The databank of choice was uploaded into the workflow designer for peptide and protein sample identification. Here, both the MS and MSMS spectra were matched with a selected databank to identify the protein(s) in the original sample. The peptide and fragment
ion tolerances were set to 20 ppm and 0.5 Daltons respectively with an estimated calibration error of 0.05 Daltons. Digestions were completed with trypsin, chymotrypsin, modified chymotrypsin_NS, or nonspecific cleavage parameters with anywhere from one to three missed cleavages. Trypsin proteolytic cleavage was specified C-terminal to lysine (K) and arginine (R) not before proline (P). For chymotrypsin digestions, digestion parameters were modified to create a chymotrypsin_NS reagent tool to cleave peptides C-terminal to
methionine (M) and leucine (L) in addition to the traditional phenylalanine (F), tyrosine (Y), and tryptophan (W). A nonspecific digest reagent was also evaluated where peptide cleavage could occur at any given amino acid. Conditions for peptide scoring for nonspecific
digestions must be more stringent as a greater number of theoretical peptides may be
generated. To account for any sequence variability or post-translational adaptations, several common peptide modifications were added to the search parameters: N-terminus acetylation ( 42.011 Daltons), deamidation of asparagine and glutamine (0.984 Daltons), and
oxidation of methionine (15.995 Daltons). Results were validated to limit peptide identification to only peptides with three or more consecutive fragment ions from the same series. An example of data preparation and workflow parameter conditions for DDA analyzed samples is represented in Table 2.2.
In addition to the databank search for DDA processed samples, AutoMod processing allows for peptides with modifications, substitutions, or greater than three missed cleavages to be identified with the same databank selected. If there are peptides that are identified that do not meet the search criteria of the specified databank, a De Novo query can be applied that allows for sequence information to be extracted from the MSMS data and searched via a BLAST tool (Basic Local Alignment Search Tool) to match homologous proteins.

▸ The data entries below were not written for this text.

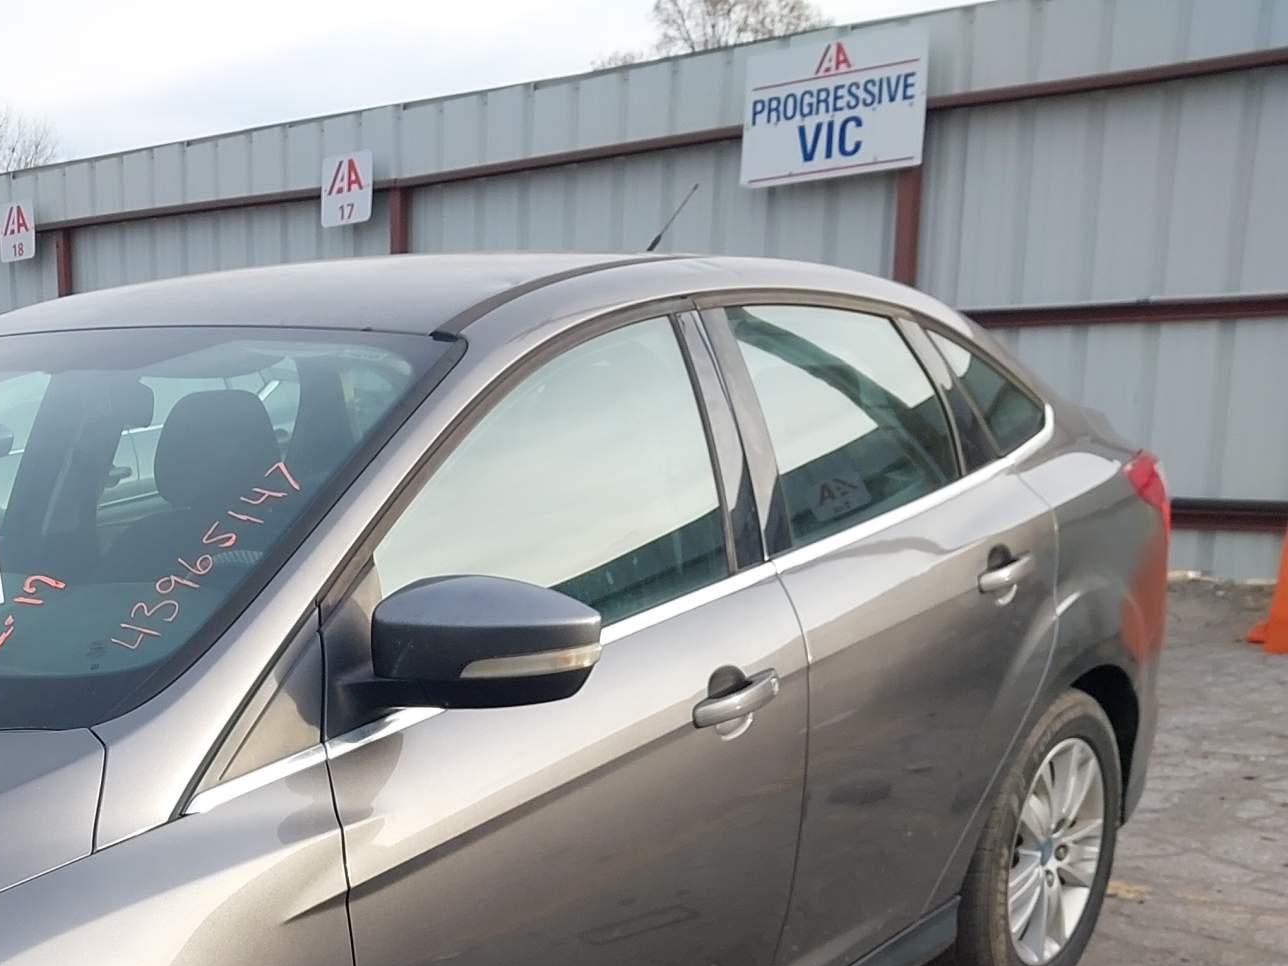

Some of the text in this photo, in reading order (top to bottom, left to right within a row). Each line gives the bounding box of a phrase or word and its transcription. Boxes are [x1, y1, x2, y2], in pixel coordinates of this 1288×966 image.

[751, 71, 916, 127] PROGRESSIVE
[797, 115, 864, 162] VIC
[338, 202, 355, 220] 17
[12, 242, 24, 257] 18
[111, 462, 300, 650] 43965147

For most data sets, DDA PLGS2.4 processing is programmed using a lock mass corrected data preparation file with no background subtraction under fast deisotoping of centroided data. The workflow template fragment ion preparation is limited to a databank search under appropriate proteolytic digestion conditions with peptide and fragment ion tolerance set to 20 ppm and 0.5 Daltons accordingly. Variable peptide modifications including N-terminus acetylation, deamidation of asparagines and glutamine, and oxidation of methionine are also evaluated.